The existing solutions are unsatisfying:

Option 1: Accept the loss. Spring AI and LangChain4j are excellent libraries, but neither provides durable execution. A crash means a full retry. For a 10-step agent with an LLM call at each step, that is potentially 10x the API spend and 10x the latency.

Option 2: Bolt on a sidecar. The Rust-based JamJet runtime solves durability, but it runs as a separate process. Every checkpoint becomes a REST call. Your Spring service depends on Docker being up. CI needs the sidecar running before tests start. Ops complexity grows linearly with agent complexity.

Neither option is acceptable for production-grade agents.

The Solution

@DurableAgent("research-pipeline")
@Service
public class ResearchAgent {

    @Checkpoint("search")
    public String search(String topic) {
        return DurabilityContext.current().replayOrExecute("search", () ->
            searchClient.query(topic)
        );
    }

    @Checkpoint("analyze")
    public String analyze(String sources) {
        return DurabilityContext.current().replayOrExecute("analyze", () ->
            llm.chat(SYSTEM_PROMPT, sources)
        );
    }
}

Add one dependency.
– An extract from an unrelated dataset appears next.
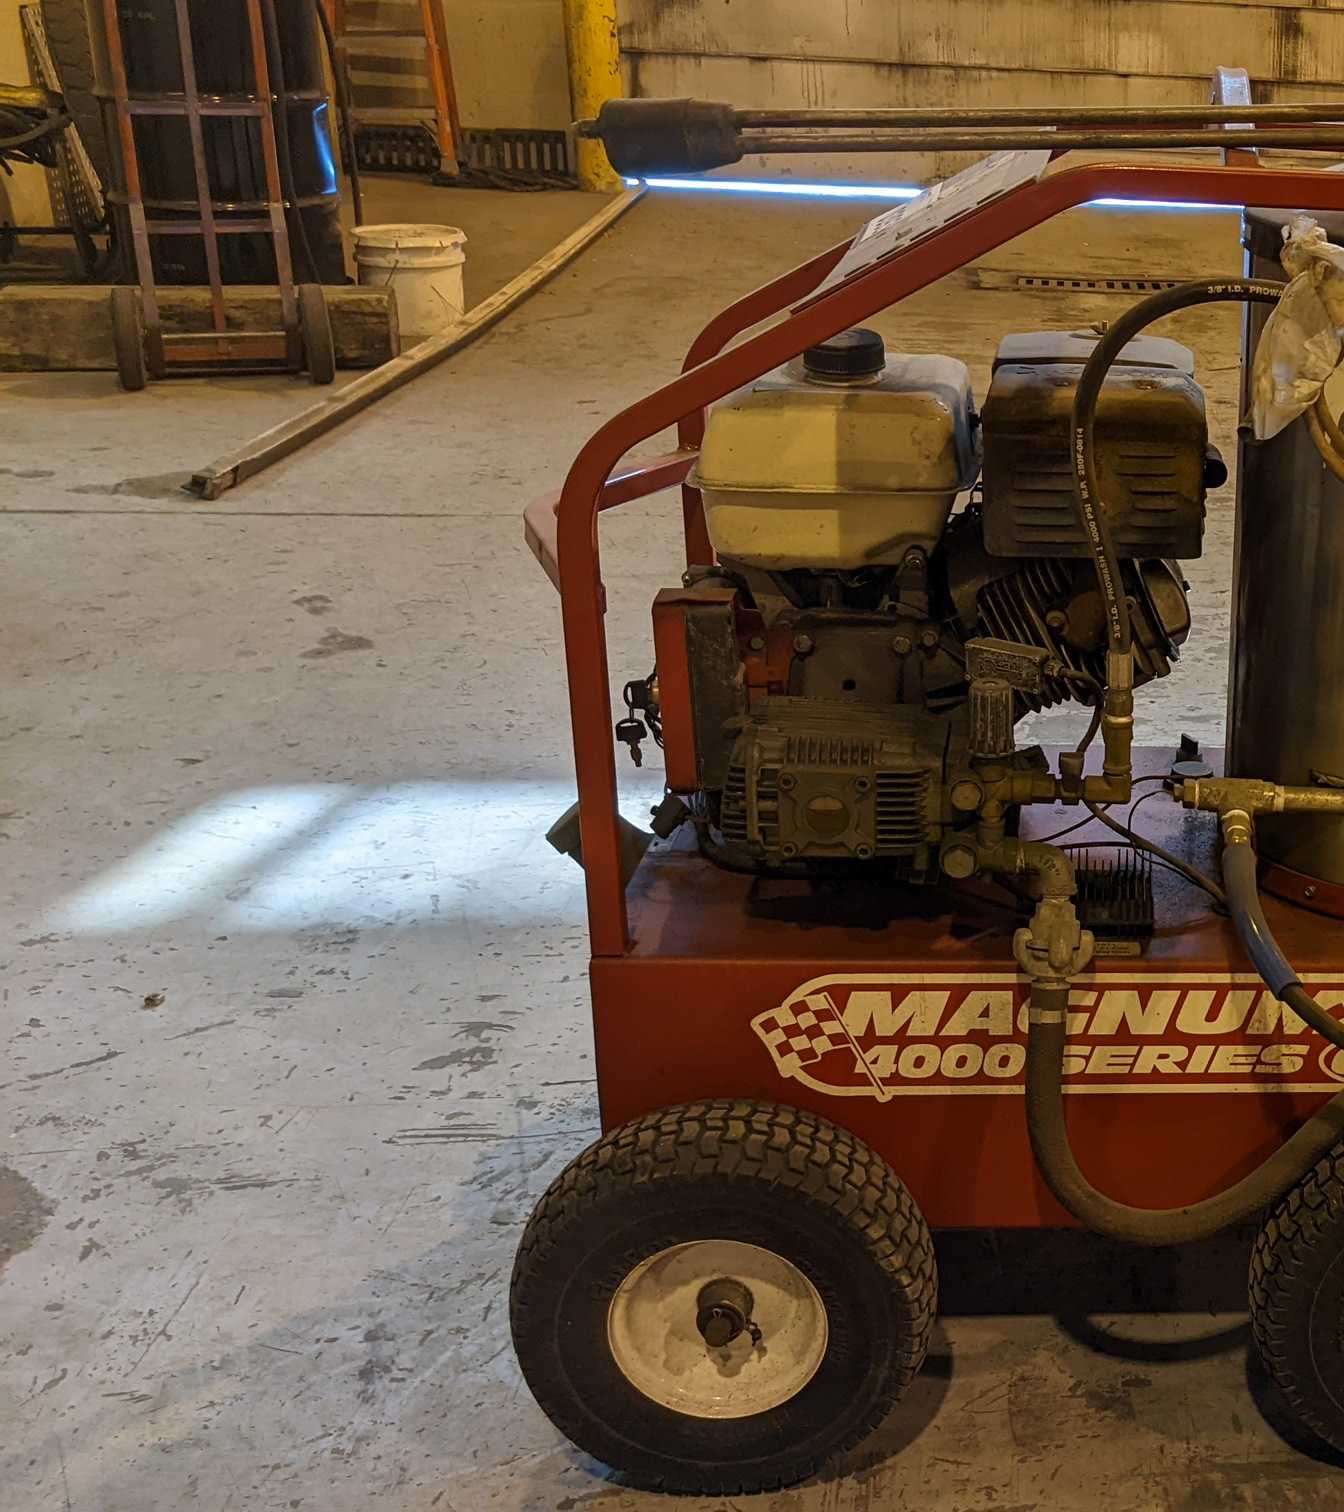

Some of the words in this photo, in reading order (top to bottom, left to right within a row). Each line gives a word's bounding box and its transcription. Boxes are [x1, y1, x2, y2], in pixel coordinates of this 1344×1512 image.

[1249, 286, 1283, 297] PROWA
[854, 1043, 1027, 1079] 4000
[1061, 1045, 1310, 1074] SERIES
Annotate your agent class. Annotate your steps. Done.

The runtime lives inside your JVM. No REST hops. No Docker. No sidecar. If the process crashes after search completes, a restart replays search from the checkpoint store and continues from analyze.

<dependency>
    <groupId>dev.jamjet</groupId>
    <artifactId>jamjet-runtime-spring-boot-starter</artifactId>
    <version>0.1.1</version>
</dependency>

How It Works

Event Sourcing

Every replayOrExecute call either executes the lambda and appends its return value to an append-only event log, or — if the checkpoint ID already exists in the log — returns the stored value without executing the lambda.

This is the same algorithm used in the Rust JamJet runtime. The event log is the source of truth. Recovery is deterministic: replay the log in order, skip any step whose ID is already recorded, execute the rest.

// On first run: executes and records
String result = ctx.replayOrExecute("search", () -> searchClient.query(topic));

// On recovery: returns stored value instantly, lambda never called
String result = ctx.replayOrExecute("search", () -> searchClient.query(topic));

The lambda is the unit of idempotency. The ID is the checkpoint name. Same name, same result.

ByteBuddy Instrumentation

@DurableAgent and @Checkpoint are pure marker annotations. At class load time, the JamJet Java agent (a standard -javaagent JVM flag) uses ByteBuddy to transform any class annotated with @DurableAgent. Each method annotated with @Checkpoint is wrapped with a replayOrExecute call using the method’s checkpoint ID.

You can choose your level of explicitness:

  • Explicit API (no JVM agent required): call DurabilityContext.current().replayOrExecute directly. This works in any test runner, any CI environment, without adding -javaagent to the JVM flags.

  • Annotation-driven (JVM agent required): annotate and let ByteBuddy handle the wiring. The annotation approach is cleaner for production code where checkpoint IDs are stable.

Virtual Threads

Every agent run executes on its own virtual thread (Java 21 Thread.ofVirtual()). There are no thread pools to tune. No CompletableFuture chains. No reactive operators. Write blocking code — Thread.sleep, JDBC, HttpClient.send — and the JVM scheduler handles concurrency.

Benchmarks

The examples/latency-comparison benchmark measures embedded runtime vs REST sidecar (WireMock). Run it yourself with mvn compile exec:java.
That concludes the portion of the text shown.